Work order: The entries are to be repeated in full, without any change.
[[ Data extract open ]]
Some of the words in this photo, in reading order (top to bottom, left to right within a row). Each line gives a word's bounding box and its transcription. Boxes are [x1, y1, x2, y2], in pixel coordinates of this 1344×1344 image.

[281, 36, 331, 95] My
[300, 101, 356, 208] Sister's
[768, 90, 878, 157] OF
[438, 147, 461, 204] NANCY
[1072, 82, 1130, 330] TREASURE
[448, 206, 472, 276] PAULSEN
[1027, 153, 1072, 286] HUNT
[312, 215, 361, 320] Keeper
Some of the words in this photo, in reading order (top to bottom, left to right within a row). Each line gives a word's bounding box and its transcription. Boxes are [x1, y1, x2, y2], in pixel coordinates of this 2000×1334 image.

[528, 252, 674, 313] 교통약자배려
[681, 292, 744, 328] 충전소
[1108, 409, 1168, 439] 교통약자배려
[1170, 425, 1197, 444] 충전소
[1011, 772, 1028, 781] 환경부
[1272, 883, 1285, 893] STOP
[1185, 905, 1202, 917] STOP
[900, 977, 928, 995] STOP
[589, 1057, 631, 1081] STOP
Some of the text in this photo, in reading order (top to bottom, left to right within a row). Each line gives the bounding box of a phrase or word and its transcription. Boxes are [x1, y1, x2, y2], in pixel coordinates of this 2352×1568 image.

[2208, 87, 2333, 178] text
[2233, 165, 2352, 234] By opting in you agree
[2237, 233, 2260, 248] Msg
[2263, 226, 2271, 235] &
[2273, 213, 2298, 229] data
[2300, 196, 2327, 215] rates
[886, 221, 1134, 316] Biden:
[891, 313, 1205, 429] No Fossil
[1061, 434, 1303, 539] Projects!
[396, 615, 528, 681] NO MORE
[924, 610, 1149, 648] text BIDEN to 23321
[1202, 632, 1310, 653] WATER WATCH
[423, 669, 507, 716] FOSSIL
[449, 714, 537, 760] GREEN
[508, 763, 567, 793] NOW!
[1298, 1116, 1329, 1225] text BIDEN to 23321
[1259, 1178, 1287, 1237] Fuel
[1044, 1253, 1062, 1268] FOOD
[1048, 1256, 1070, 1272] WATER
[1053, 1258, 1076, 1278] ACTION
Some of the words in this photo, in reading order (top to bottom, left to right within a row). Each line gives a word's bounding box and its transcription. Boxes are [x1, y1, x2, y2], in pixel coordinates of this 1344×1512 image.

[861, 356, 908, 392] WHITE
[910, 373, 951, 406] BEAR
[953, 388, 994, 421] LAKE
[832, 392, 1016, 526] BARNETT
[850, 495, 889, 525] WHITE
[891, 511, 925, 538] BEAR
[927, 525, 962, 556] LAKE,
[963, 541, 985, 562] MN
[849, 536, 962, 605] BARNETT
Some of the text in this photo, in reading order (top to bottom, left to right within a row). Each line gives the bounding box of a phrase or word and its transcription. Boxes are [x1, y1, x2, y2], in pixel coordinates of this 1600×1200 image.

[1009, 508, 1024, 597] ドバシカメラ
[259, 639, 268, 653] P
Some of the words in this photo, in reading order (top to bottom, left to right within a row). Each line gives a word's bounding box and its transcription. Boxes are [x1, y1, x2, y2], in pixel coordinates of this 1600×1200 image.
[[ Data extract closed ]]
Expected output:
Some of the words in this photo, in reading order (top to bottom, left to right within a row). Each line gives a word's bounding box and its transcription. Boxes are [x1, y1, x2, y2], in pixel coordinates of this 1344×1344 image.

[281, 36, 331, 95] My
[300, 101, 356, 208] Sister's
[768, 90, 878, 157] OF
[438, 147, 461, 204] NANCY
[1072, 82, 1130, 330] TREASURE
[448, 206, 472, 276] PAULSEN
[1027, 153, 1072, 286] HUNT
[312, 215, 361, 320] Keeper
Some of the words in this photo, in reading order (top to bottom, left to right within a row). Each line gives a word's bounding box and its transcription. Boxes are [x1, y1, x2, y2], in pixel coordinates of this 2000×1334 image.

[528, 252, 674, 313] 교통약자배려
[681, 292, 744, 328] 충전소
[1108, 409, 1168, 439] 교통약자배려
[1170, 425, 1197, 444] 충전소
[1011, 772, 1028, 781] 환경부
[1272, 883, 1285, 893] STOP
[1185, 905, 1202, 917] STOP
[900, 977, 928, 995] STOP
[589, 1057, 631, 1081] STOP
Some of the text in this photo, in reading order (top to bottom, left to right within a row). Each line gives the bounding box of a phrase or word and its transcription. Boxes are [x1, y1, x2, y2], in pixel coordinates of this 2352×1568 image.

[2208, 87, 2333, 178] text
[2233, 165, 2352, 234] By opting in you agree
[2237, 233, 2260, 248] Msg
[2263, 226, 2271, 235] &
[2273, 213, 2298, 229] data
[2300, 196, 2327, 215] rates
[886, 221, 1134, 316] Biden:
[891, 313, 1205, 429] No Fossil
[1061, 434, 1303, 539] Projects!
[396, 615, 528, 681] NO MORE
[924, 610, 1149, 648] text BIDEN to 23321
[1202, 632, 1310, 653] WATER WATCH
[423, 669, 507, 716] FOSSIL
[449, 714, 537, 760] GREEN
[508, 763, 567, 793] NOW!
[1298, 1116, 1329, 1225] text BIDEN to 23321
[1259, 1178, 1287, 1237] Fuel
[1044, 1253, 1062, 1268] FOOD
[1048, 1256, 1070, 1272] WATER
[1053, 1258, 1076, 1278] ACTION
Some of the words in this photo, in reading order (top to bottom, left to right within a row). Each line gives a word's bounding box and its transcription. Boxes are [x1, y1, x2, y2], in pixel coordinates of this 1344×1512 image.

[861, 356, 908, 392] WHITE
[910, 373, 951, 406] BEAR
[953, 388, 994, 421] LAKE
[832, 392, 1016, 526] BARNETT
[850, 495, 889, 525] WHITE
[891, 511, 925, 538] BEAR
[927, 525, 962, 556] LAKE,
[963, 541, 985, 562] MN
[849, 536, 962, 605] BARNETT
Some of the text in this photo, in reading order (top to bottom, left to right within a row). Each line gives the bounding box of a phrase or word and its transcription. Boxes are [x1, y1, x2, y2], in pixel coordinates of this 1600×1200 image.

[1009, 508, 1024, 597] ドバシカメラ
[259, 639, 268, 653] P
Some of the words in this photo, in reading order (top to bottom, left to right within a row). Each line gives a word's bounding box and its transcription. Boxes are [x1, y1, x2, y2], in pixel coordinates of this 1600×1200 image.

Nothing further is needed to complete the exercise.